In 1980, rocket engineer G. Harry Stine, writing under the pen name Lee Correy, published a quite good SF novel called “Star Driver“. In the story, an unemployed astronomer/pilot helps a small aerospace company invent and debug a “skyhook”: a device that converts energy into linear thrust without having anything to thrust against. Stine envisions it as a rod-shaped special alloy resonator fed by a careful synthesized waveform generator. The first prototype is built into a small plane that uses the device to attain record altitude.

Now there’s news of an invention which promises to do just that. (The article may not be available for long; there’s also a PDF explaining the theory of the device.) It’s basically a cone-shaped hollow resonator fed by a microwave generator.

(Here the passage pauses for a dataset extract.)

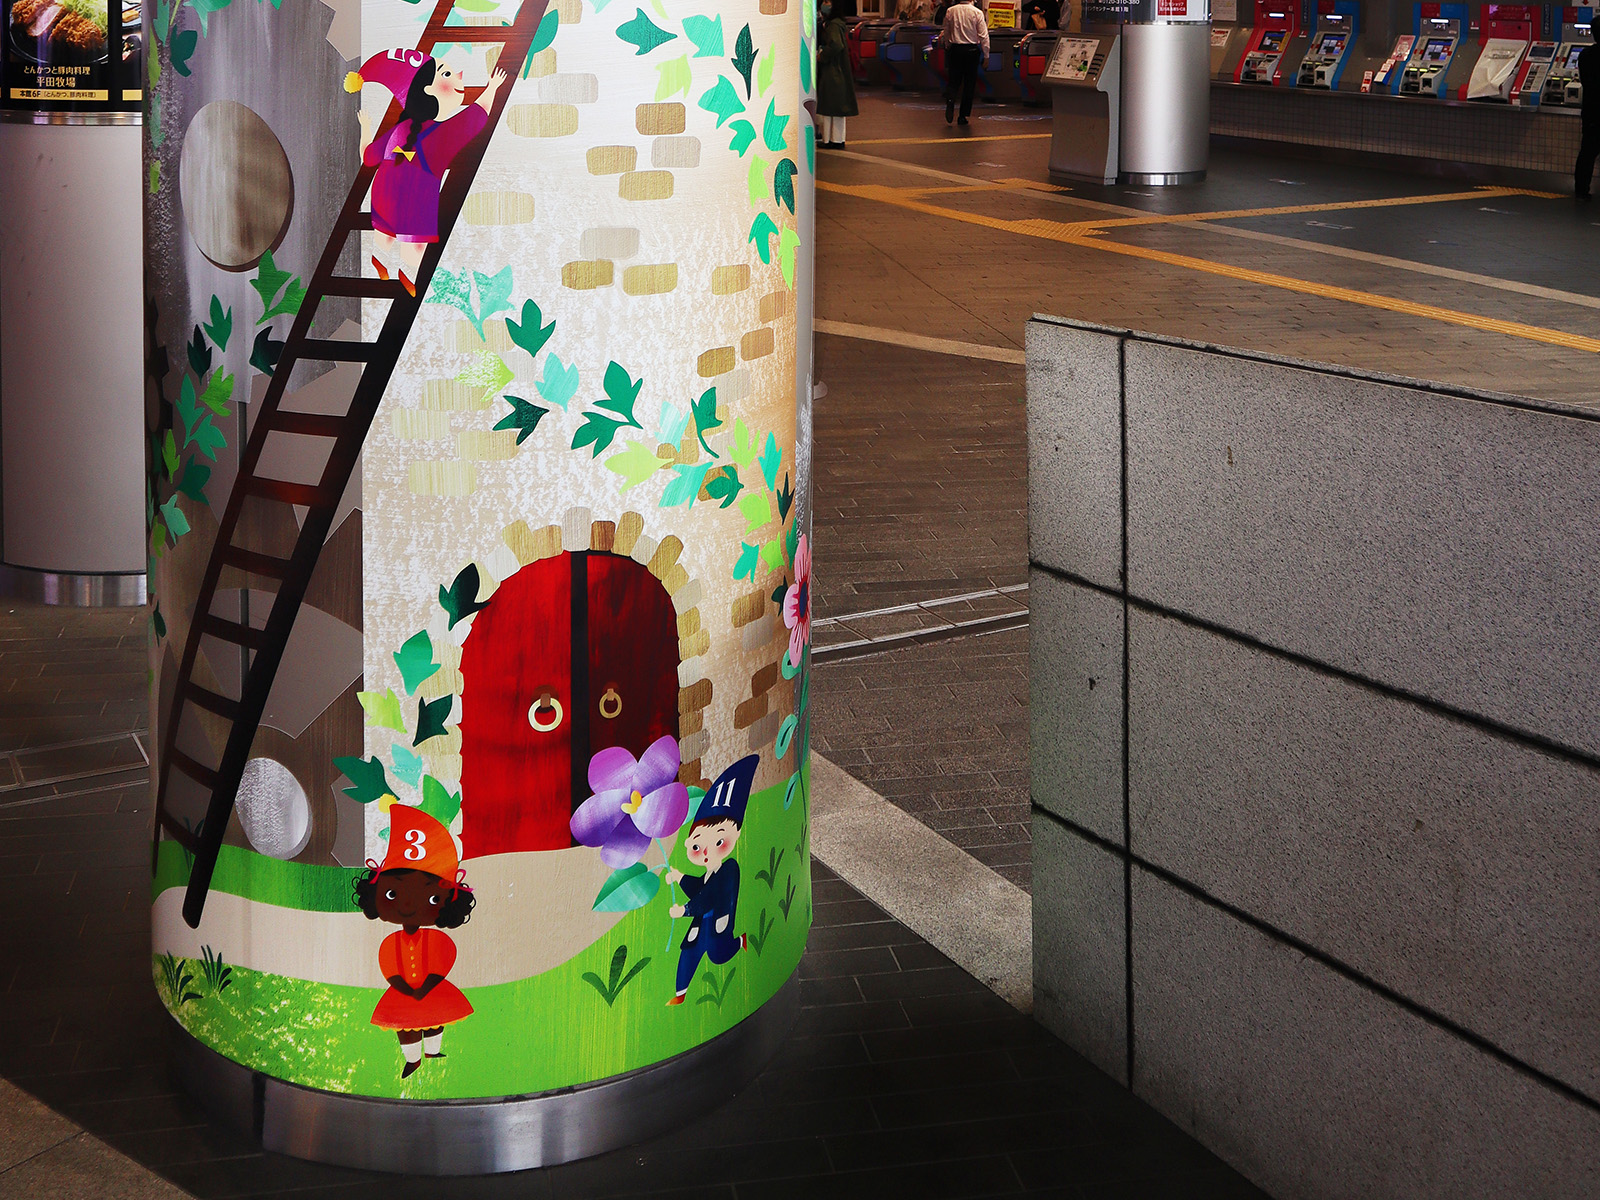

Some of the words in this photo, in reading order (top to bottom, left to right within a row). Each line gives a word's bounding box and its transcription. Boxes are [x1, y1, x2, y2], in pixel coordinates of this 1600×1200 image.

Current models generate up to 300mN of thrust – enough to levitate about one ounce of weight against gravity – from a 1KW generator. This sounds puny but is already better than current ion thrusters used in some space probes.

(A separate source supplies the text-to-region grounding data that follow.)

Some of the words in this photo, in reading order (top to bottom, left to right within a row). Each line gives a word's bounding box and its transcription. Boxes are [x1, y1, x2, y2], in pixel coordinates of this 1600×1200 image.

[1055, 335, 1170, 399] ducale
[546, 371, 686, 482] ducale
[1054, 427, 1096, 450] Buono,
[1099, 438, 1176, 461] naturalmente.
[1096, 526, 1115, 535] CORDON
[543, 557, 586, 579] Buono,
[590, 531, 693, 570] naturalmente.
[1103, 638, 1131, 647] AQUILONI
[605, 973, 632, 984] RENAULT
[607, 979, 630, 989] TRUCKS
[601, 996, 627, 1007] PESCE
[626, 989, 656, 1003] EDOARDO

Roger Shawyer, the inventor, plans to modify superconductors now used in particle accelerators to make the thruster more efficient. He says 30KN per KW might be possible if the considerable practical obstacles can be overcome; this would be enough to levitate a 3-ton car.

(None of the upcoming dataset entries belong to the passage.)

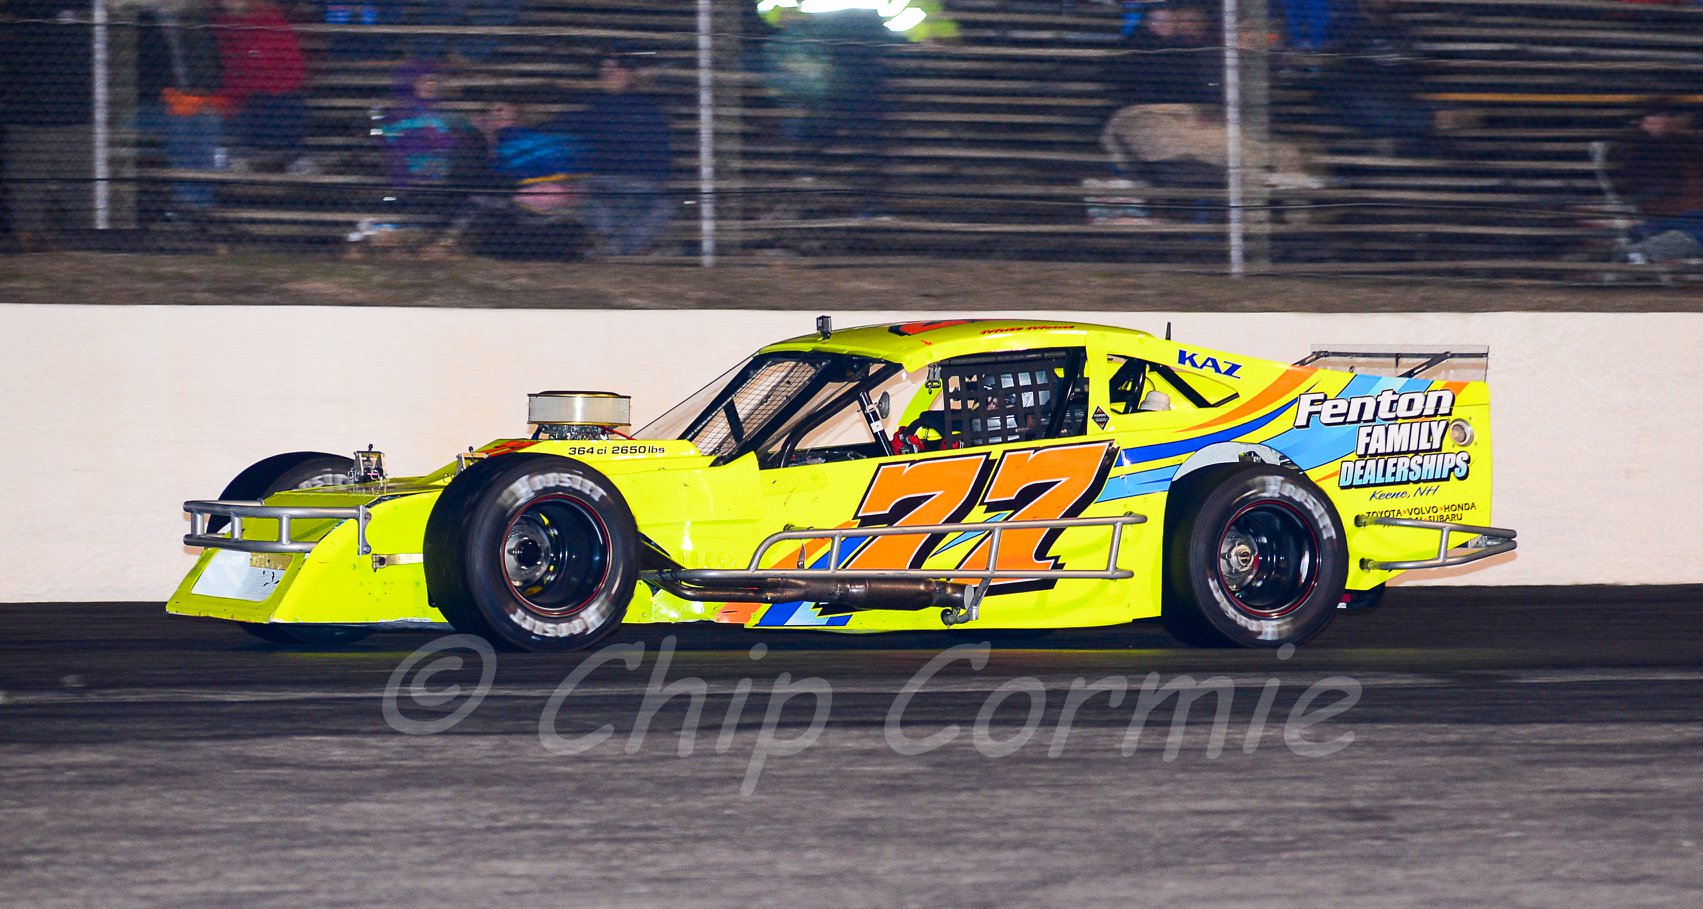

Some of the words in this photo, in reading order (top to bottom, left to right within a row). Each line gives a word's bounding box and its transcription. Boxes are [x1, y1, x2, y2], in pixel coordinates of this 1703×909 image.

[1178, 349, 1242, 379] KAZ
[1293, 388, 1456, 428] Fenton
[568, 446, 594, 456] 364
[596, 446, 607, 455] ci
[1355, 419, 1451, 457] FAMILY
[1338, 451, 1472, 490] DEALERSHIPS
[1369, 490, 1411, 501] Keene,
[1413, 485, 1440, 497] NH
[1407, 505, 1438, 516] VOLVO
[1443, 502, 1476, 513] HONDA
[840, 440, 1119, 596] 77

The WikiPedia article lists many objections to the device’s theory, and it may turn out not to be practical or widely usable. Still, it’s always interesting to see how life can imitate fiction.

Update: Yes, I know that the device violates conservation of momentum; but I think it’d be cool that it might work by what Terry Pratchett calls “something quantum”, in spite of the obvious theoretical faults.